Sollten Interessensgruppen oder andere Bedenkenträger anmelden, das in der gelebten Berufspraxis - im Rahmen der gesetzlichen Bestimmungen ausgeübt - Handeln der Ärzteschaft sei unzufriedenstellend, wäre es nur folgerichtig, an diesem Punkt anzusetzen und Verbesserungen anzustreben, anstatt zusätzlich eine per Definition minderqualifizerte Alternative etablieren zu wollen. Berufsbilder für untergeordnete, z. T. ausführende Tätigkeiten (MTA, div. Therapeuten) sind in staatlich anerkannter Form bekanntlich längst eingeführt.

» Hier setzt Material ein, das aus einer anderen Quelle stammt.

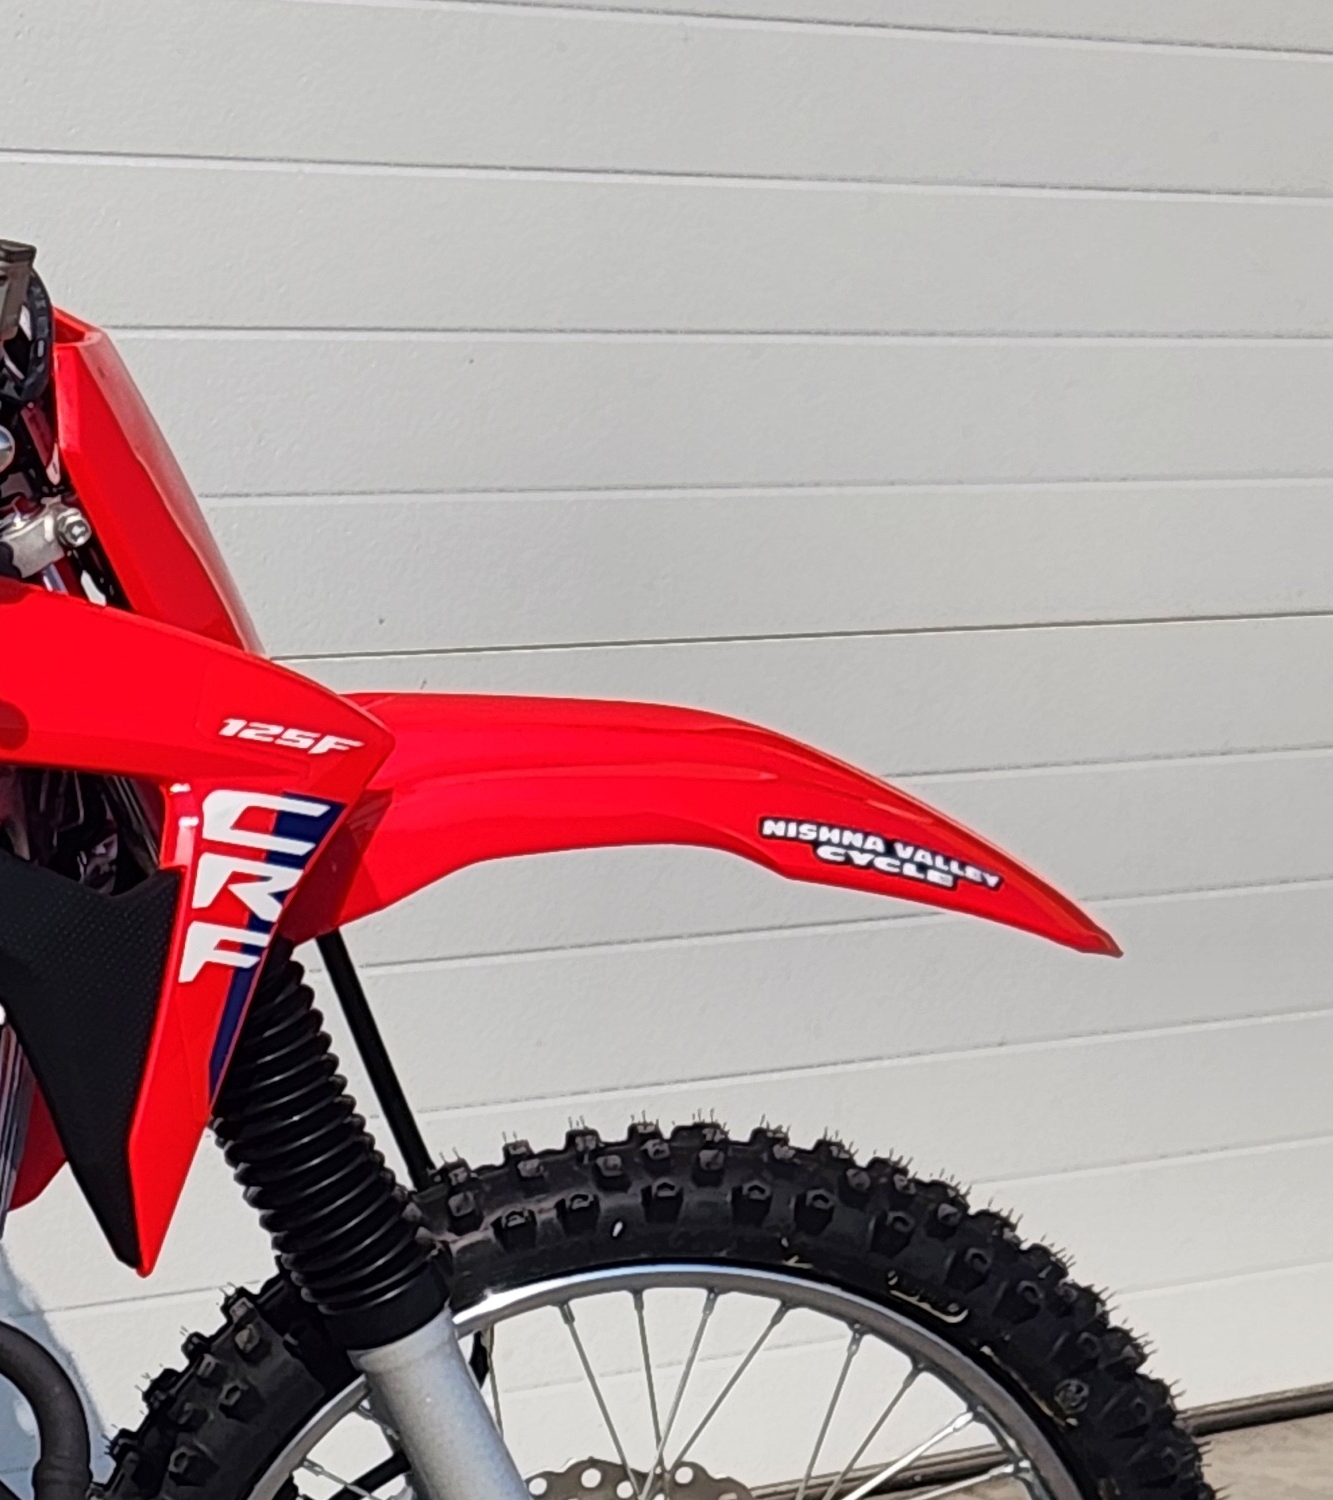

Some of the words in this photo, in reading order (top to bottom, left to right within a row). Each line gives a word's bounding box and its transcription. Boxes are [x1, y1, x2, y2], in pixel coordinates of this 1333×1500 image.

[218, 718, 365, 755] 125F
[762, 819, 886, 853] NISHNA
[894, 842, 1001, 887] VALLEY
[816, 845, 954, 887] CYCLE
[178, 789, 331, 983] CRF
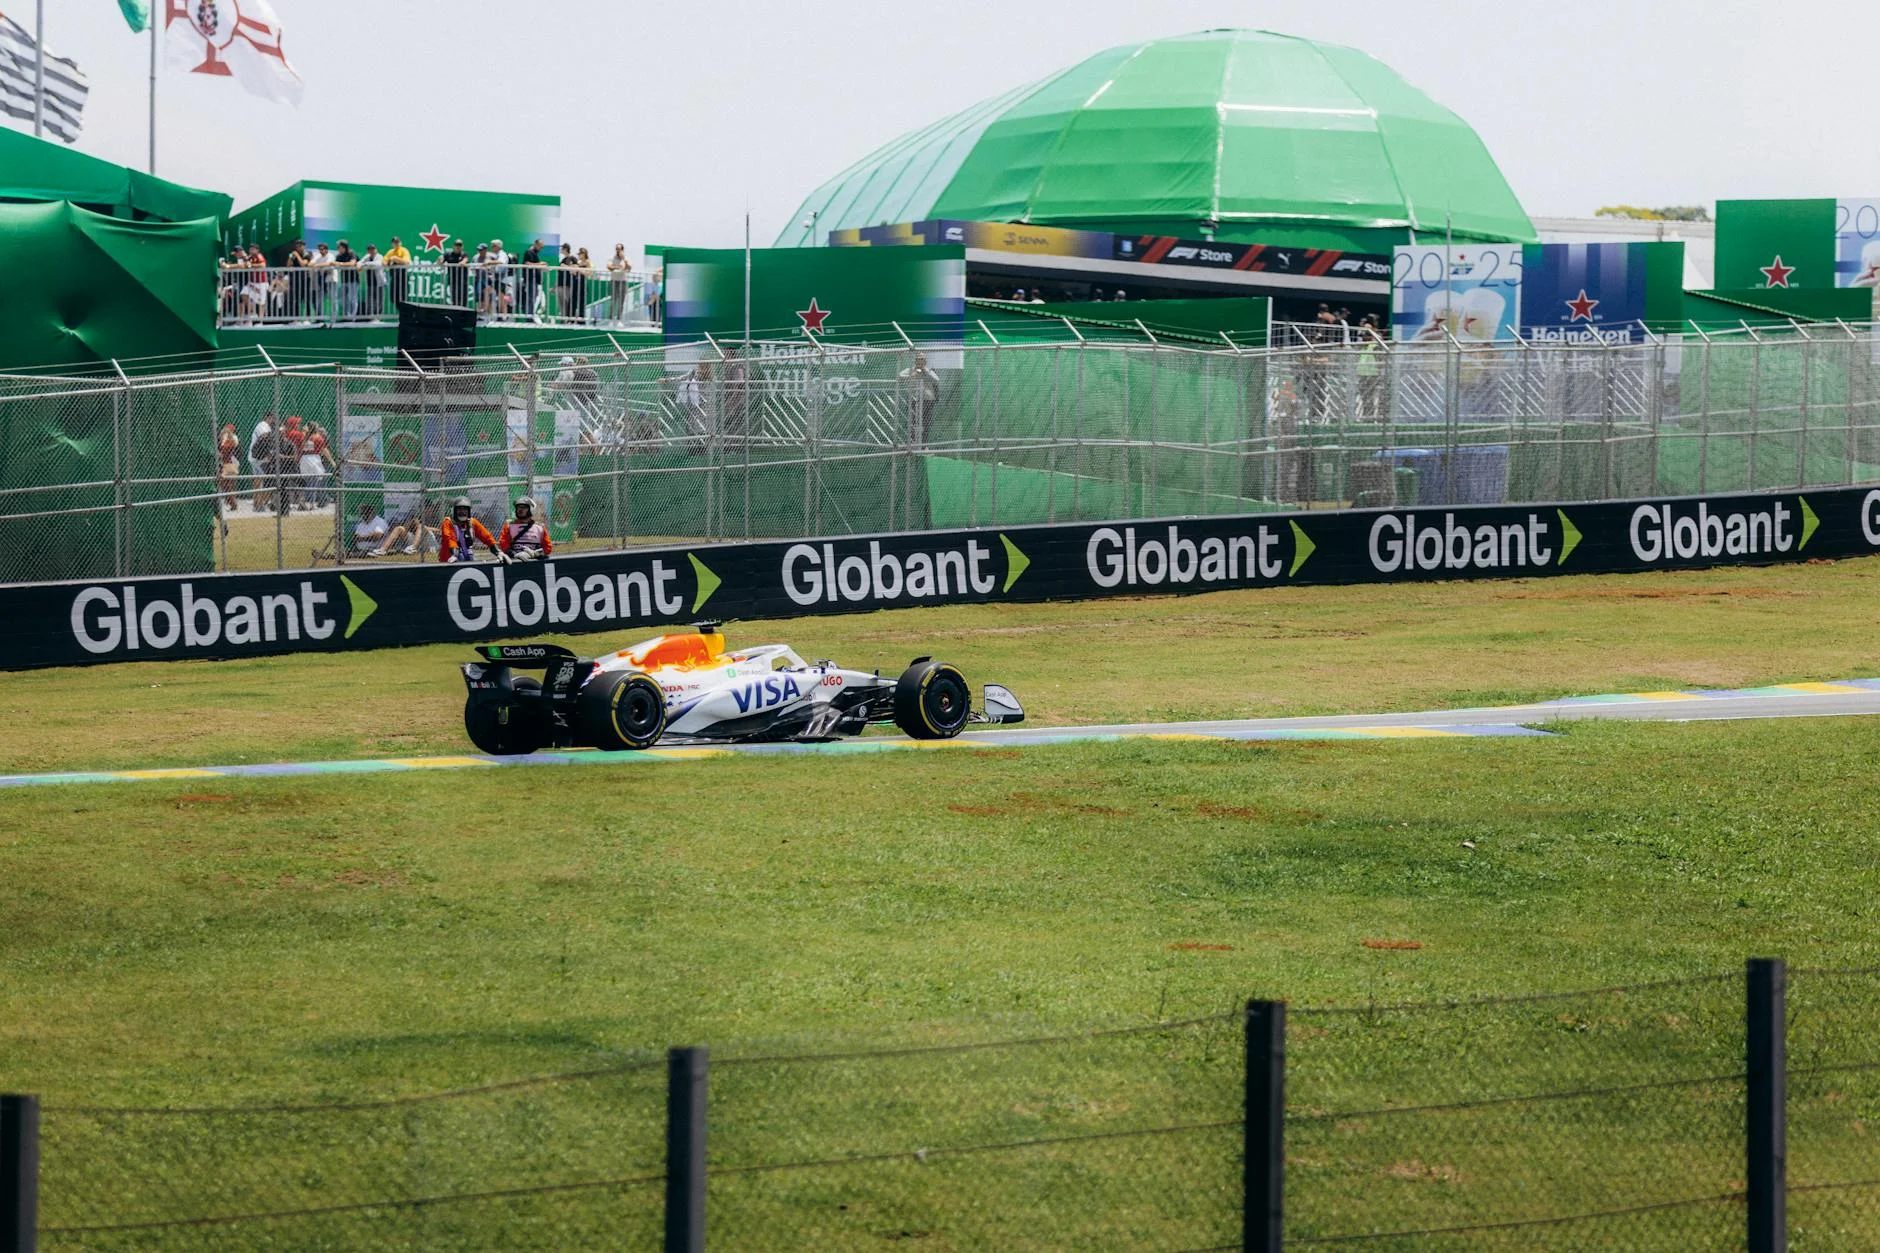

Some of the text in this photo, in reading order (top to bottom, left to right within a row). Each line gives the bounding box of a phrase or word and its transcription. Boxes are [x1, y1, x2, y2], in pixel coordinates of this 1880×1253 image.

Kurz: Den "Arzt light" kann es nicht geben - die untergeordneten Berufe gibt es längst. Leider aber nur mit Qualifikation und so Elite-KramHeilungsversprechen wider besseres Wissen und Gewissen: Hier kommen wir endlich noch mal kurz auf Homöopathie & Co. zu sprechen. Je höher der Ausbildungsgrad des fürsprechenden Therapeuten, desto höher die Mitschuld an der Nicht-Heilung in jedem Fall. Einen Hauptschul-Absolventen, der der die Heilpraktiker-Zulassung erlangt und es dennoch versäumt, Patienten an einen Arzt zu verweisen, sofern dies erfolderlich wäre, trifft eine geringere Schuld als den Arzt, der es versäumt, sein besseres Wissen zu verleugnen und Homöopathie et al. anzuwenden und dem Patienten auf diesem Wege die Behandlung zu verweigern, sollte sie seinem per Medizinstudium erworbenen Fachkenntnissen zufolge erforderlich sein.
In beiden Fällen ist indessen die Schuldlast gleich. Im Falle des unqualifizierten Heilpraktikers läuft der Differenzbetrag in anteilig höherer Summe beim Gesetzgeber auf; im zweiten Fall ist ein höherer Grad an persönlicher Verantwortung beim nicht behandelnden Arzt in Rechnung zu stellen; was den Gesetzgeber nicht von der moralischen Pflicht entbindet, die obsoltete und trügerische "Zusatzqualifikation Homöopath" explizit zu verbieten und damit in Unrecht zu stellen.